- [ASSIGNMENT]: Would you print every entry below exactly as written, omitting the images?

- [RECORDS FOR THIS EXERCISE]:
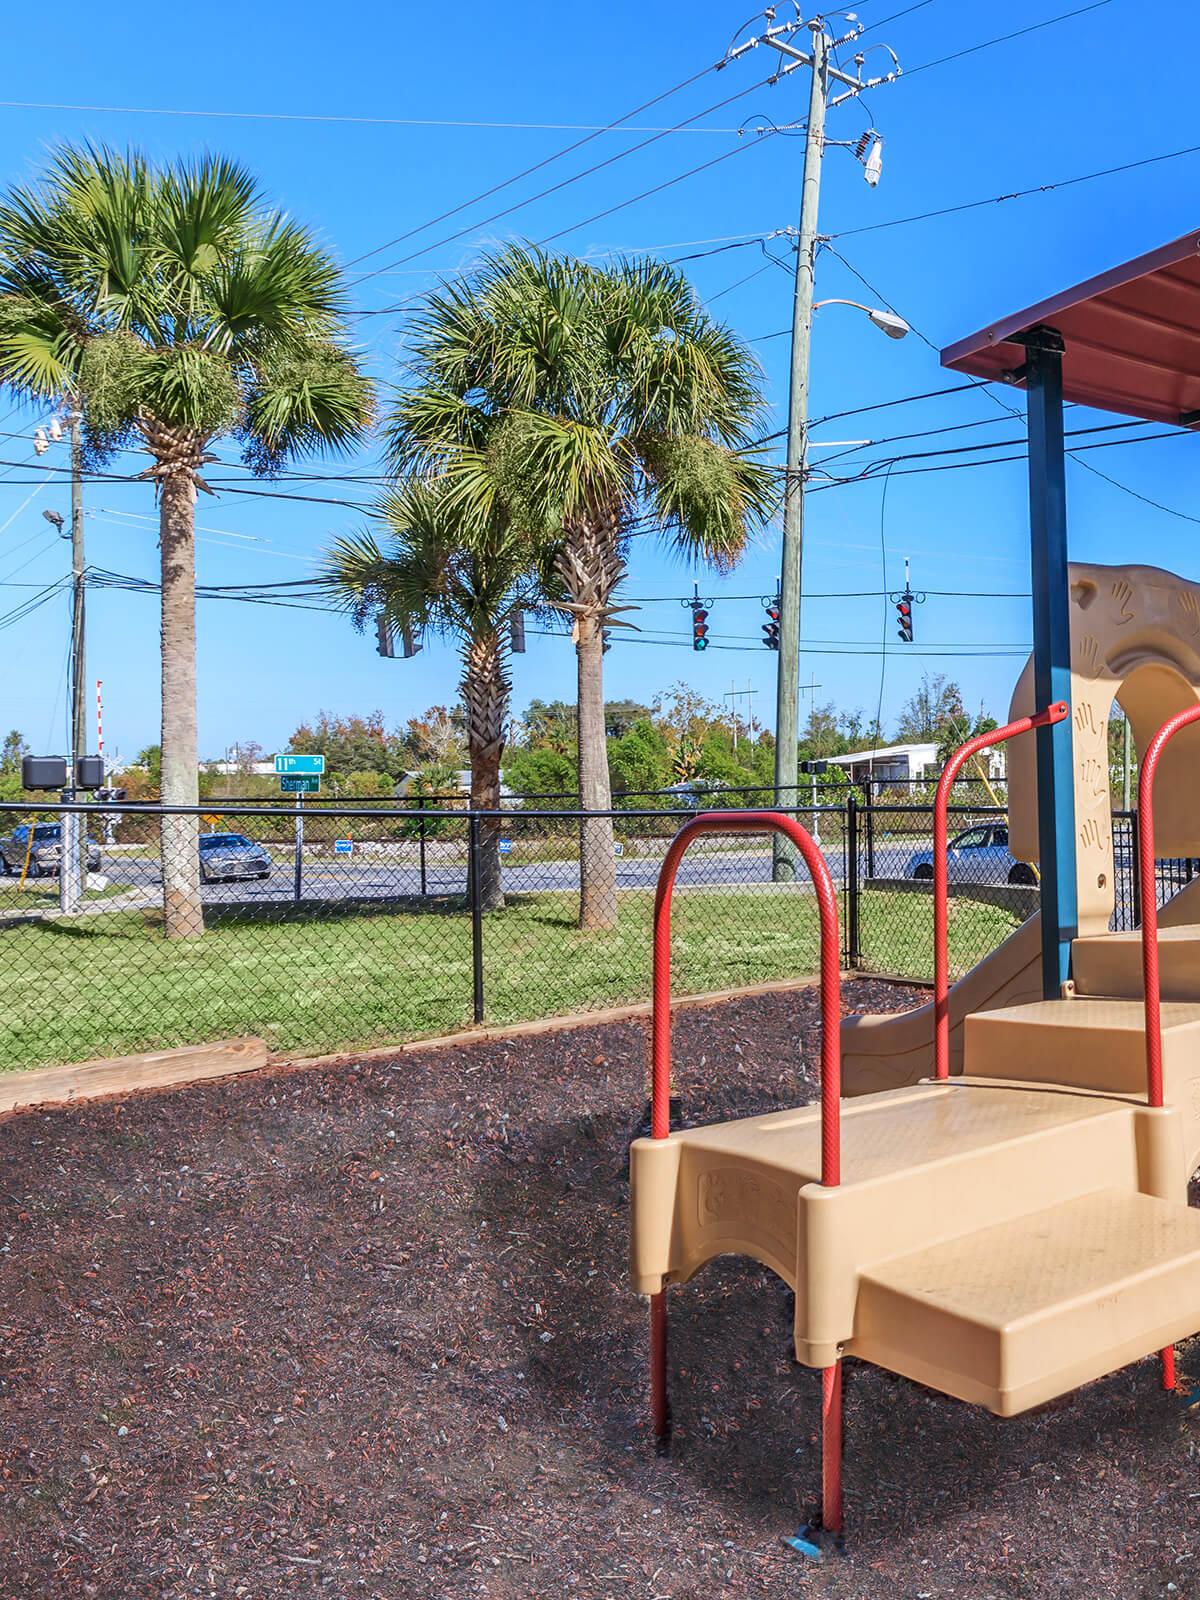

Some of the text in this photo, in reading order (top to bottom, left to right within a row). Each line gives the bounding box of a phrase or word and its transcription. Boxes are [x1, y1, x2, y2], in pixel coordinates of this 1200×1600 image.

[277, 757, 321, 771] 11th St
[282, 777, 310, 791] Sherman
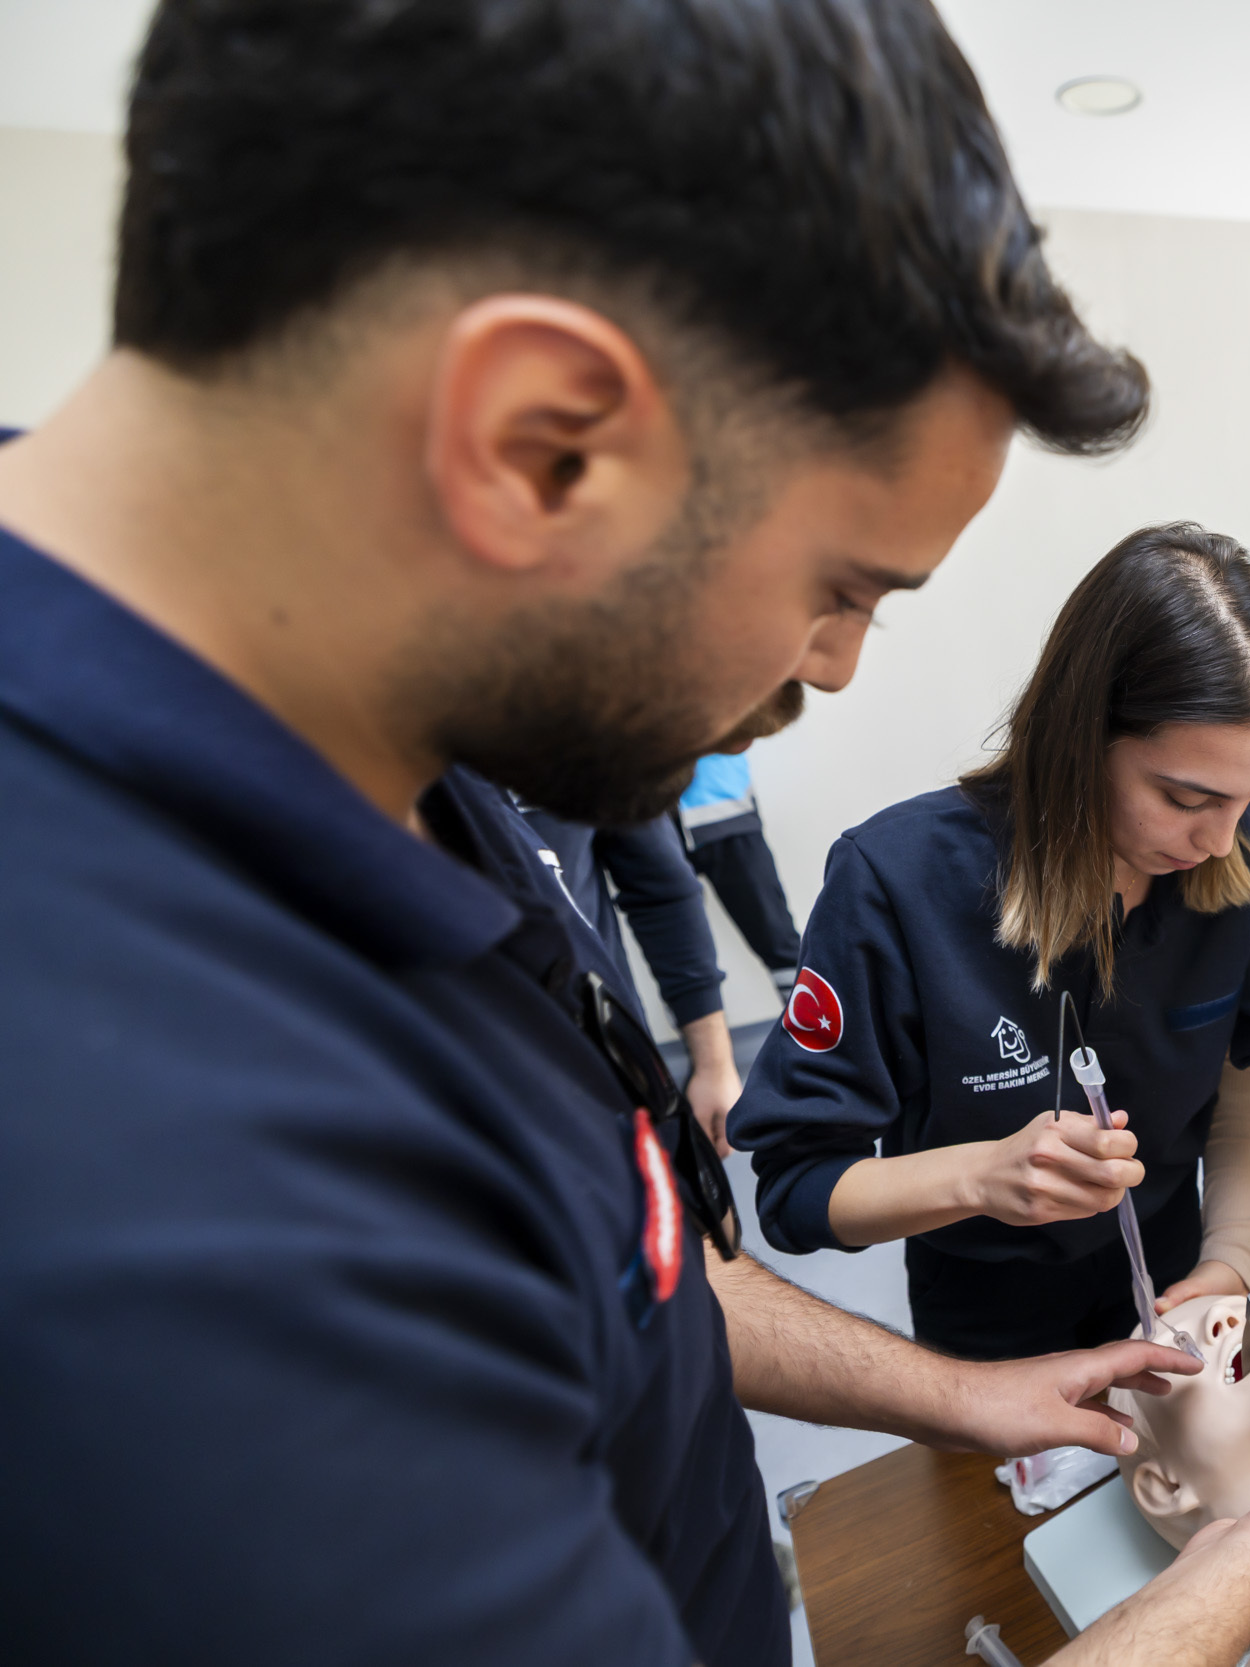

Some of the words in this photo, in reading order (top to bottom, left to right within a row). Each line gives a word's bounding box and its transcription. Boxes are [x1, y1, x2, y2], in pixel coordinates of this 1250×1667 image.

[961, 1075, 985, 1085] ÖZEL
[986, 1068, 1019, 1082] MERSİN
[973, 1083, 997, 1092] EVDE
[998, 1077, 1026, 1090] BAKIM
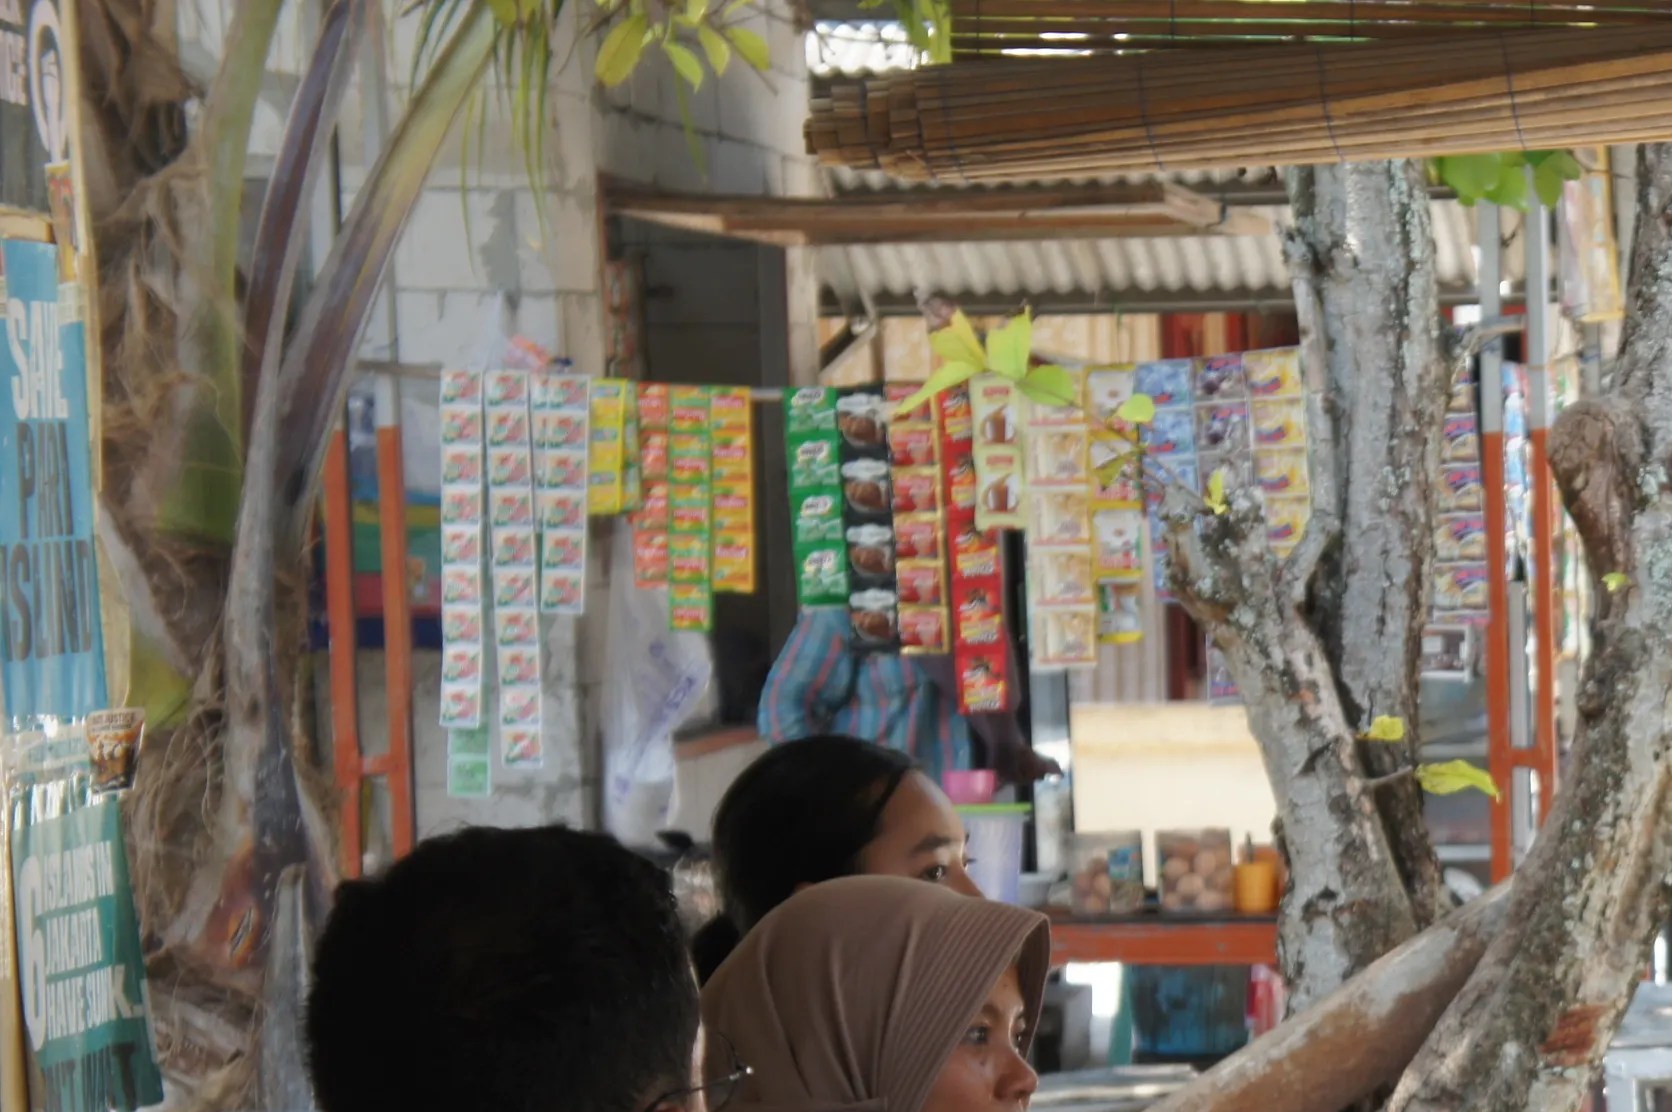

- [WRITTEN SOLUTION]:
Some of the text in this photo, in reading order (top to bottom, left to right within a row). Each line gives the bounding box of a phrase or word and its transcription. Boxes are [x1, y1, x2, y2], in pixel coordinates of this 1200×1600 image.

[277, 757, 321, 771] 11th St
[282, 777, 310, 791] Sherman

Some of the words in this photo, in reading order (top to bottom, left to right within a row). Each line gives a word's bounding box and its transcription. Boxes are [x1, y1, x2, y2], in pixel coordinates of this 1250×1667 image.

[961, 1075, 985, 1085] ÖZEL
[986, 1068, 1019, 1082] MERSİN
[973, 1083, 997, 1092] EVDE
[998, 1077, 1026, 1090] BAKIM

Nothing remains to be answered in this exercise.